The question therefore arises in the present case, what circumstances of passive holding other than those identified in paragraphs 4(b)(i)-(iii) of the Policy can constitute that the domain name is being used by the Respondent in bad faith.
The Panel considers that the sum of the following circumstances justifies such conclusion:
- The Complainant’s product to be sold under the trademark ACOMPLIA has been presented as a revolutionary drug in the field of the treatment of obesity and smoking cessation;
- The Respondent has submitted no evidence whatsoever of any good faith use of the domain name <e-acomplia.com>, or any plan for a bona fide use of his domain name;
- By registering <e-acomplia.com>, the Respondent has precluded the Complainant from using its mark in a corresponding domain name;
- In contrast to the Telstra decision, the Respondent, after registration of the domain name <e-acomplia.com>, did not remain totally inactive. It profited from the possibility offered by the Registrar to park for free its domain name, using the slogan “Coming soon”, on a website provided by the Registrar, where the services of the Registrar are offered;
- at the same time, the existence of the domain name furnishes the Respondent
with an instrument that allows it to activate a website in such a manner as
to divert Complainant’s customers to its website where they would expect
to be able to buy the Complainant’s product ACOMPLIA online, whilst the
launch of the product is earmarked for 2006, only;
- absent any submission of the Respondent, it is difficult to imagine any plausible future active use of the domain name by the Respondent that would not be illegitimate, such as being trademark infringement or an infringement of consumer protection legislation.

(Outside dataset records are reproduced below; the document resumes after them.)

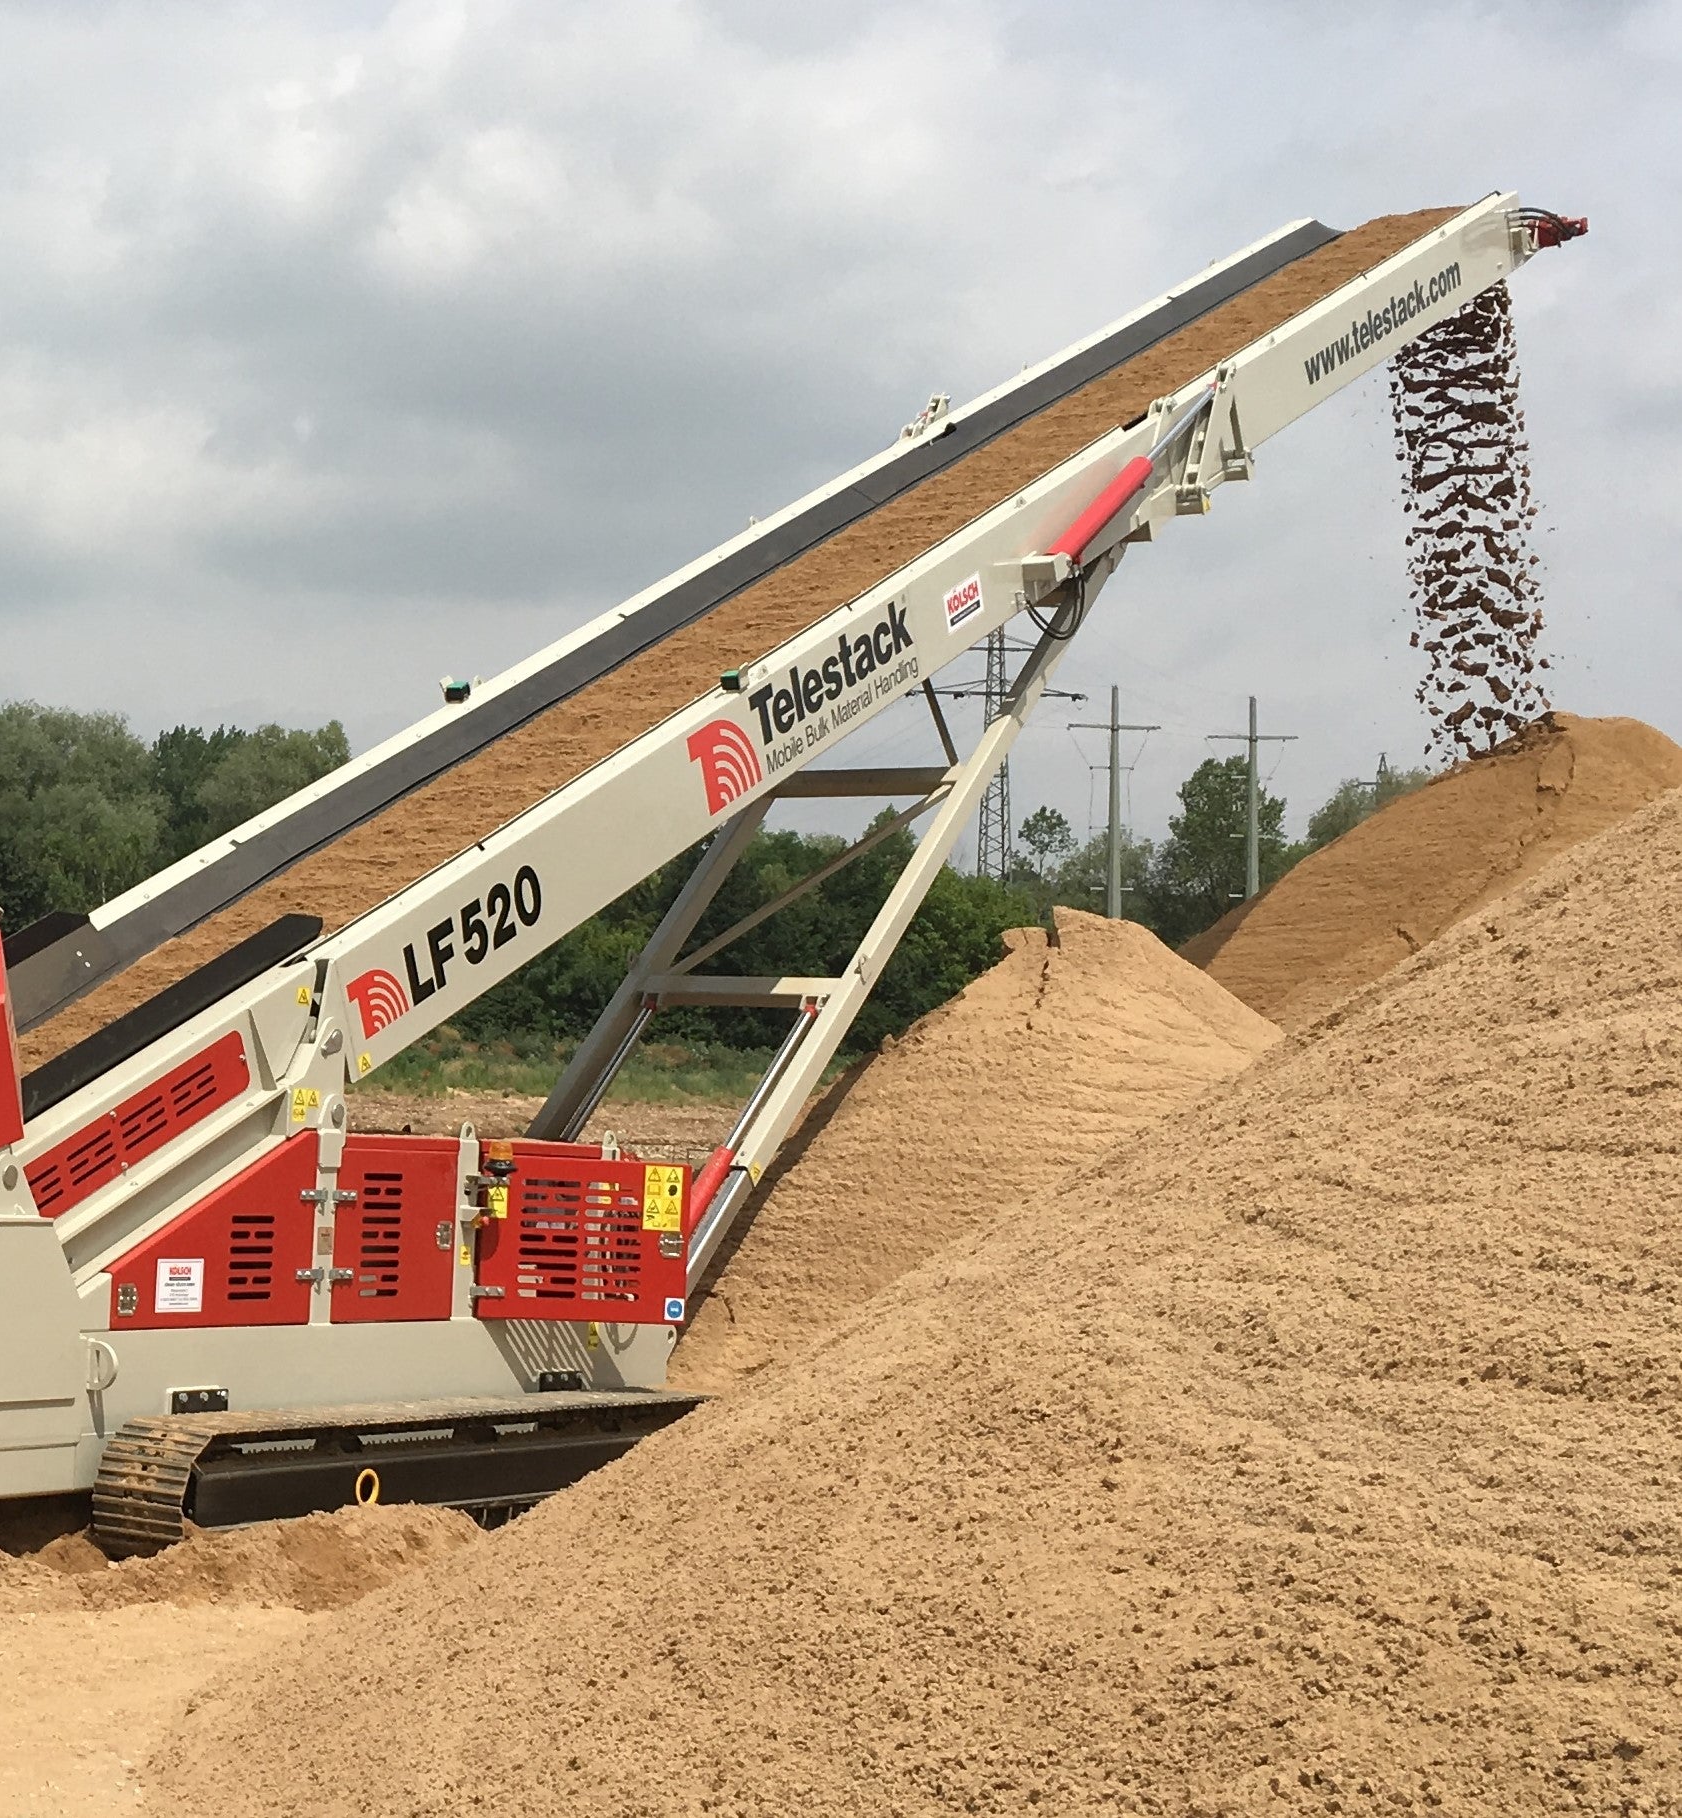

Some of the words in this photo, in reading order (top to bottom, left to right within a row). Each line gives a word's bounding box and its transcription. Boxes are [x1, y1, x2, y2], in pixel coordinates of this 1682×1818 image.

[1304, 262, 1461, 384] www.telestack.com
[748, 601, 914, 746] Telestack
[766, 737, 804, 774] Mobile
[805, 716, 830, 748] Bulk
[831, 683, 873, 729] Material
[874, 657, 919, 699] Handling
[403, 865, 541, 1006] LF520

In addition to these elements, the Panel considers a further circumstance,
evidenced by the Complainant, as a strong indication of the bad faith intentions
of the Respondent in the context of the registration and use of the domain name
<e-acomplia.com>: Together with the domain name <e-acomplia-com>,
the Respondent registered, on the same day, two additional domain names <acomplia-buy.com>
and <acomplia-rx.com>. The Respondent offered these two domain names to
the Complainant for the price of 80,000 United States dollars (well in excess
of its out-of-pocket expenses). In view of these facts, the Panel in Sanofi-aventis
v. The Counsel Group LLC (WIPO Case No. D2004-0808)
arrived at the conclusion that the two domain names <acomplia-buy.com>
and <acomplia-rx.com> were registered and used in bad faith.
Taking into account all these particular circumstances, the Panel concludes
that the Respondent’s passive holding of the domain name satisfies the
requirements of paragraph 4(a)(iii) of the Policy that the domain name has been
registered and is being used in bad faith.
7. Decision
For all the foregoing reasons, in accordance with paragraphs 4(i) of the Policy and 15 of the Rules, the Panel orders that the domain name, <e-acomplia.com>, be transferred to the Complainant.